Health and Safety Auditing

The importance of Health and Safety Audits

A health and safety audit may seem like a daunting and somewhat joyless task. Yet what it can show your business is of great value.

Reviewing what you already have in place and gaining new insights on how you can improve can help streamline processes, save money and support the health, safety and well-being of your most important assets – your employees.

After all, a happy and healthy workforce will be less likely to look elsewhere, be more productive, and have a better sense of well-being in the workplace. 

That said, health & safety audits are more than just a nice thing to have – they help businesses identify significant risks, which can then be eliminated, mitigated or controlled.  

Ensuring the health and safety of those employed or visiting is the legal responsibility of the business. It is also the businesses responsibility to ensure that it is legally compliant with legislation, including the Health and Safety at Work etc. Act 1974 and all associated regulations.. 

Those who don’t undertake regular health and safety audits are less likely to find gaps in their processes and safety measures, which may lead to legal challenges should anything go wrong. 

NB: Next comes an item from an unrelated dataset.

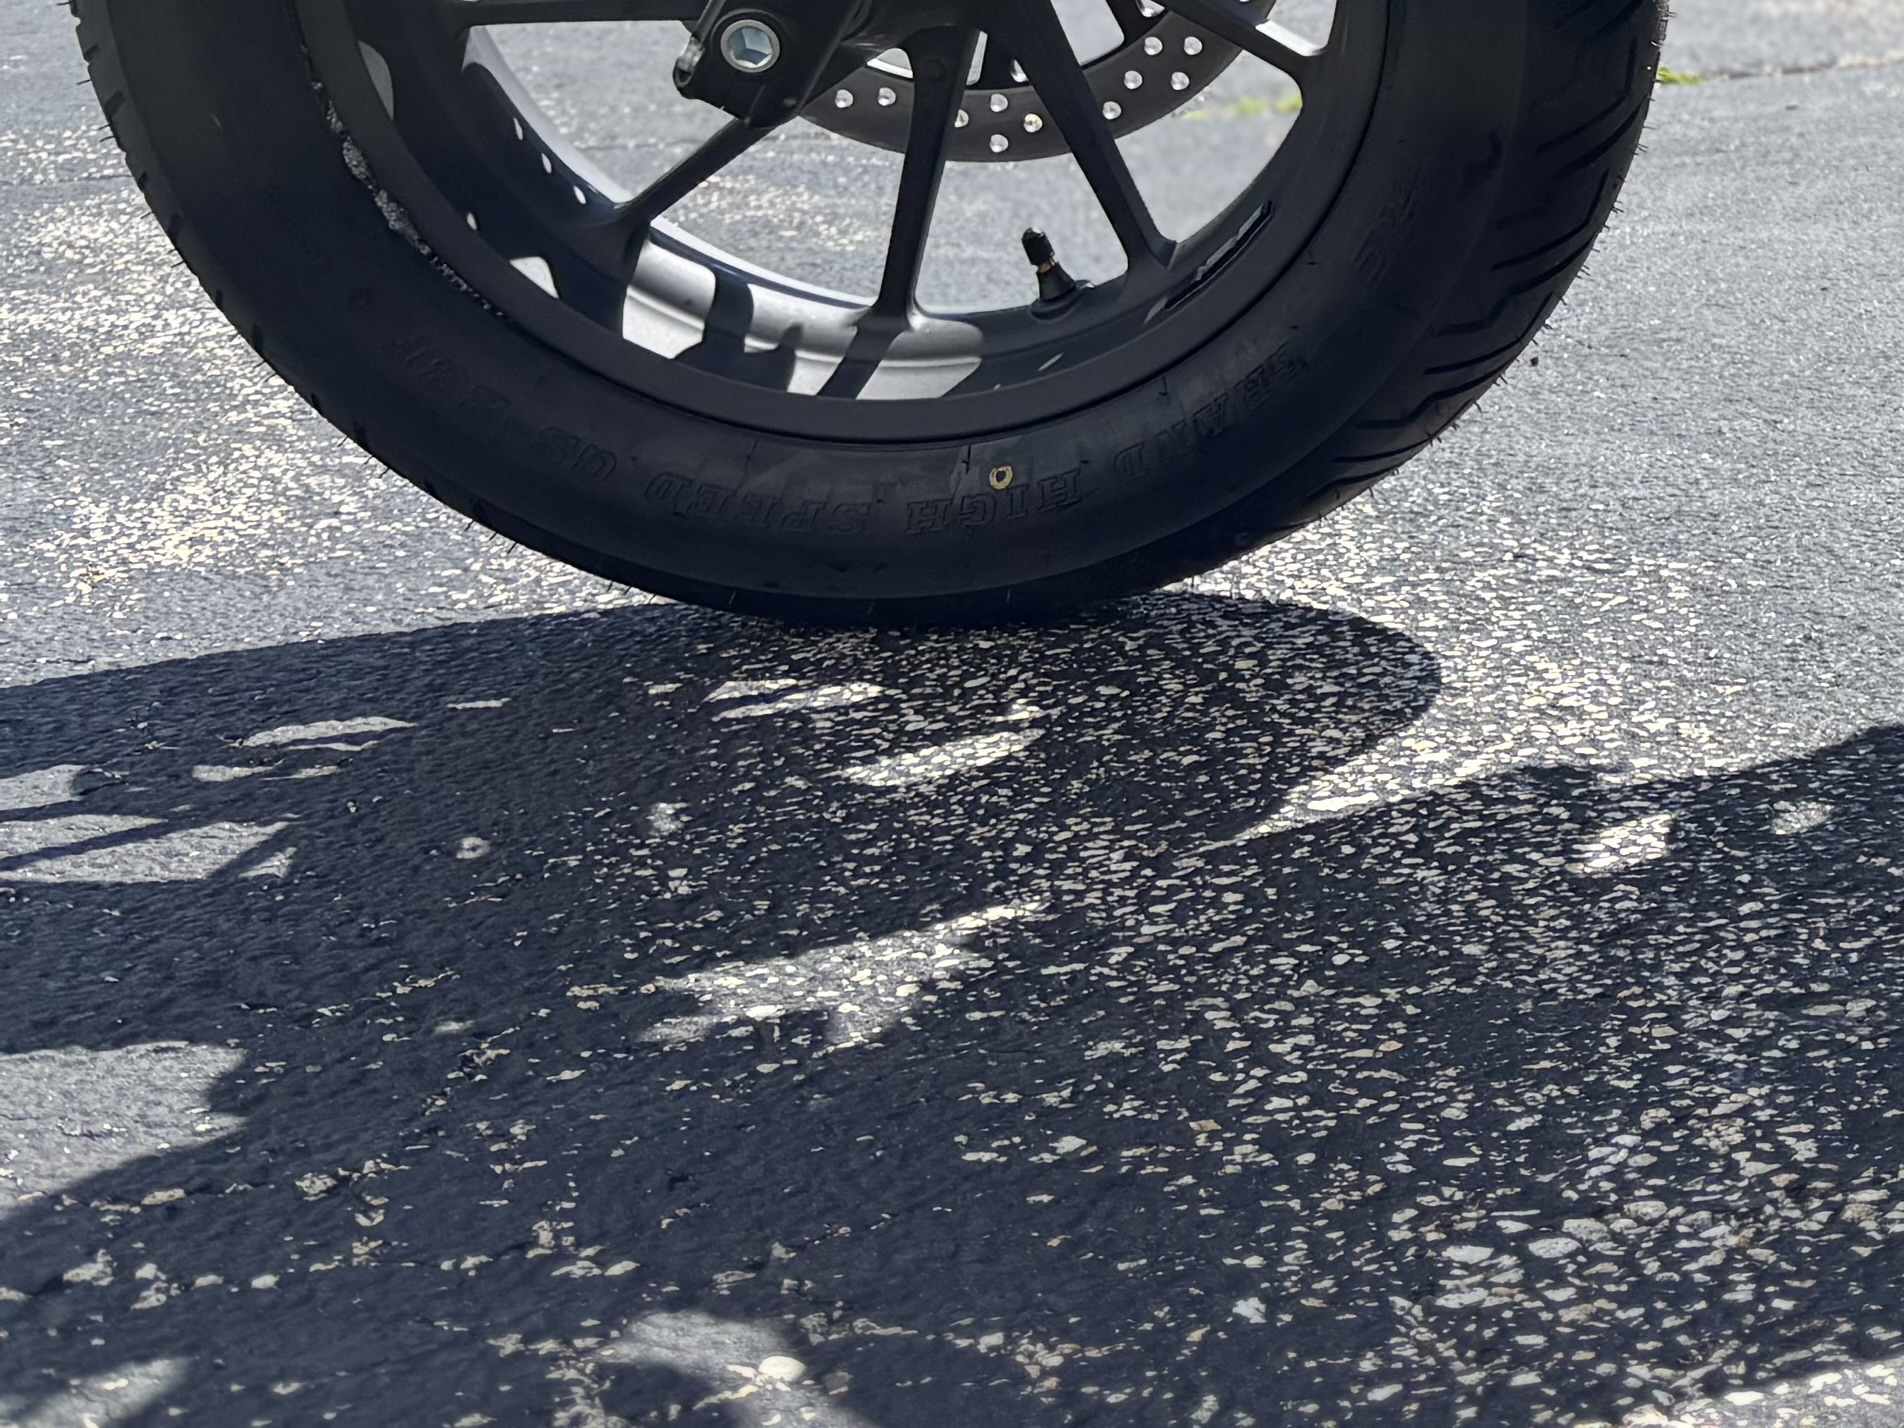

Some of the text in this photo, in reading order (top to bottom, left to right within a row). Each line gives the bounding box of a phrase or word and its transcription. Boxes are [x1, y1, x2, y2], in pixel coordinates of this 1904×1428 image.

The task can be overwhelming, which is why working with health and safety professionals like The Health & Safety Dept supports a businesses efforts to be compliant, provide a safe working environment and keep people safe.

What should a typical Health & Safety Audit include?

When undertaking a health and safety audit, there are many elements to include. We’ve compiled the following examples of health and safety inspection topics, which are commonly assessed during our visits.  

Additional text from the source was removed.